In October, we experienced one incident that resulted in degraded performance across GitHub services.
October 11 05:59 UTC (lasting 19 hours and 12 minutes)
On October 11, 2024, starting at 05:59 UTC, the DNS infrastructure in one of our sites started failing to resolve lookups following a database migration. Attempts to recover the database led to cascading failures that impacted the DNS systems for that site.

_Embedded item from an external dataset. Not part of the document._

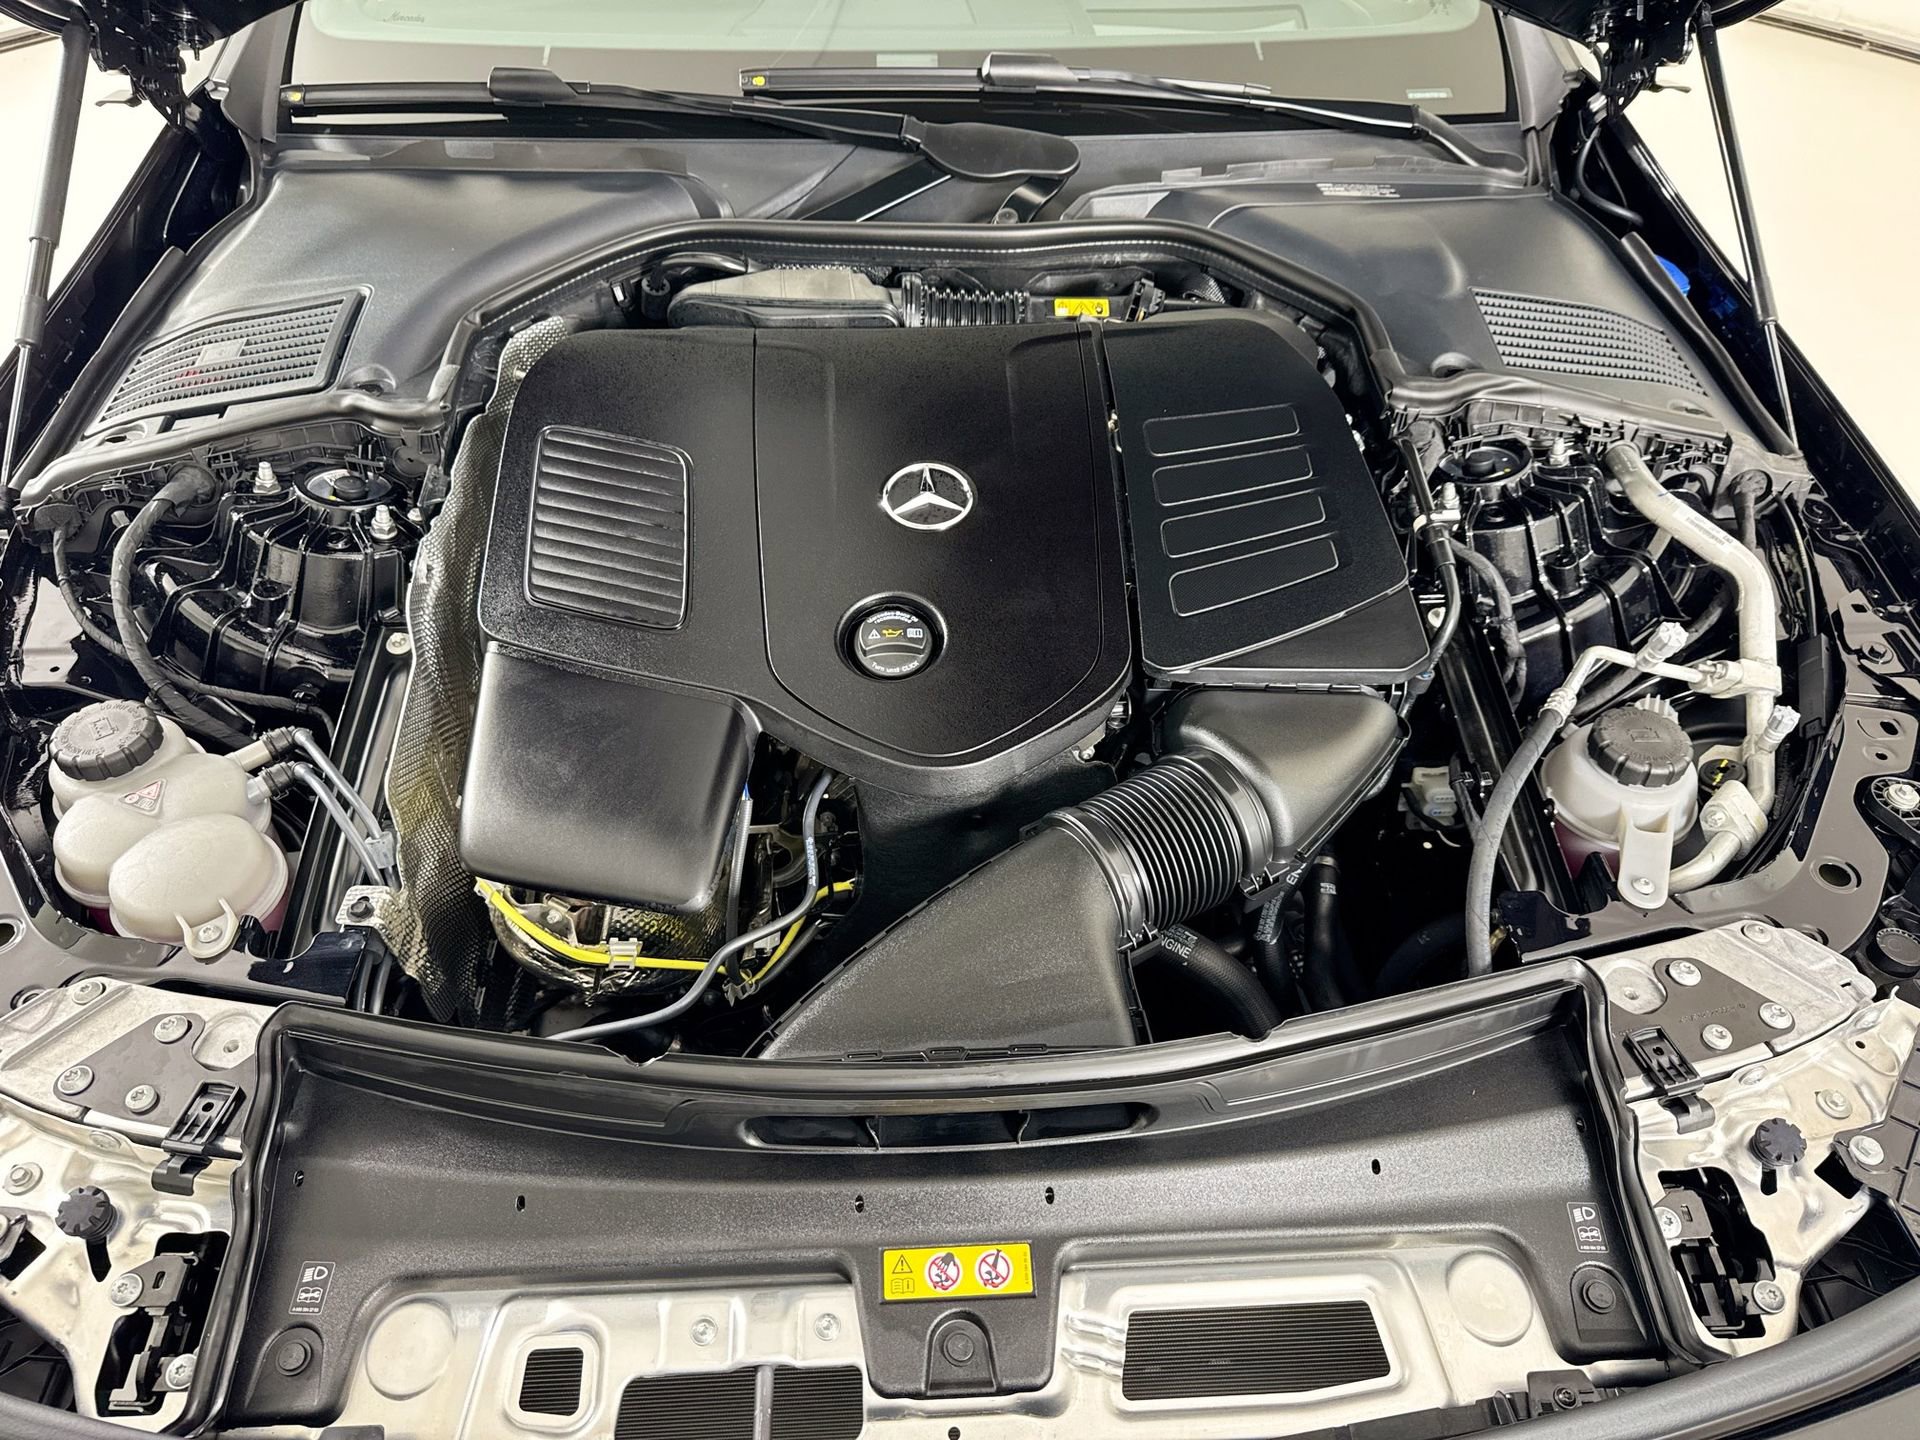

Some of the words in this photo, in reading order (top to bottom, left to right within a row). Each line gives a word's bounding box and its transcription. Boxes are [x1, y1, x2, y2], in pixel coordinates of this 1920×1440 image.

[871, 661, 885, 672] Turn
[901, 660, 920, 672] CLICK
[1160, 934, 1193, 959] NGINE

While the team worked to restore the infrastructure, the first customer impact started around 17:31 UTC.
The impact of the incident was broad. 4% of Copilot users saw degradation in IDE code completions, while 25% of Actions workflow users experienced delays greater than 5 minutes. 100% of the code search requests failed for ~4 hour window.
Starting at 18:05 UTC, we attempted to resolve the issue by repointing the degraded DNS site to a different site but were unsuccessful. While this mitigation was effective at restoring connectivity within the site, it caused issues with connectivity from healthy sites back to the degraded site, so we started planning a different remediation effort.

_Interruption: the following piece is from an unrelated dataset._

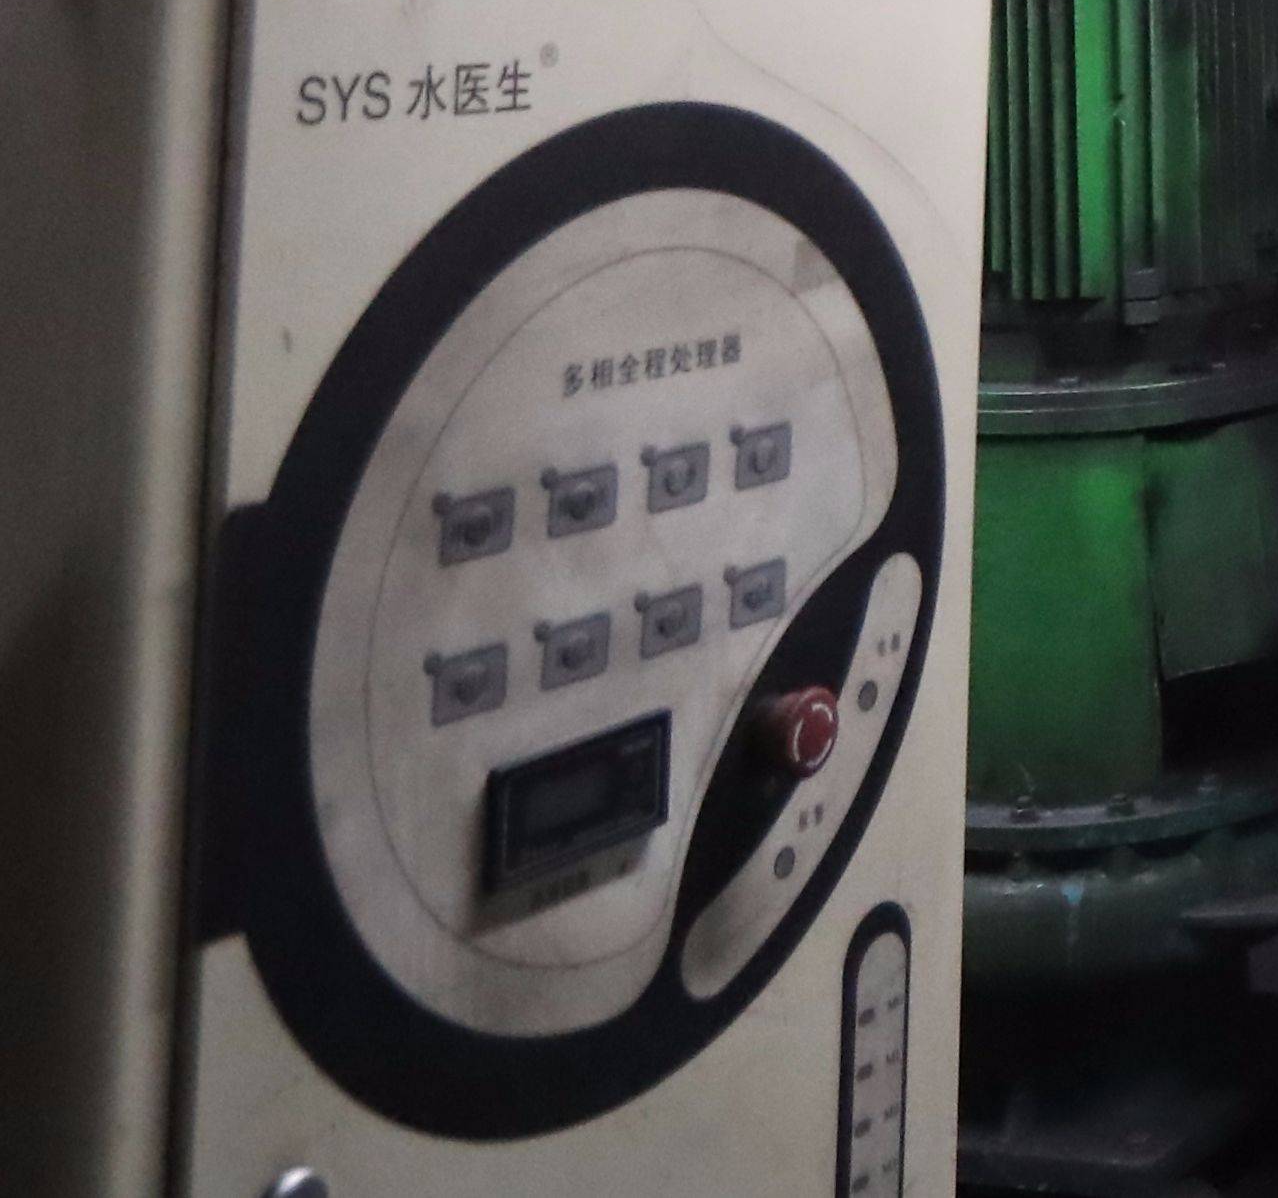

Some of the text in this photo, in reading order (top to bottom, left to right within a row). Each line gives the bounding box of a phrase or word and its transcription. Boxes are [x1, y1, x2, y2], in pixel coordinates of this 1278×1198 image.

[296, 59, 532, 126] SYS 水医生
[562, 334, 741, 398] 多相全程处理器

At 20:52 UTC, the team finalized a remediation plan and began the next phase of mitigation by deploying temporary DNS resolution capabilities to the degraded site. At 21:46 UTC, DNS resolution in the degraded site began to recover and was fully healthy at 22:16 UTC. Lingering issues with code search were resolved at 01:11 UTC on October 12.
The team also continued to restore the original functionality within the site after public service functionality was restored. GitHub is working to harden our resiliency and automation processes around this infrastructure so we can diagnose and resolve issues like this faster in the future.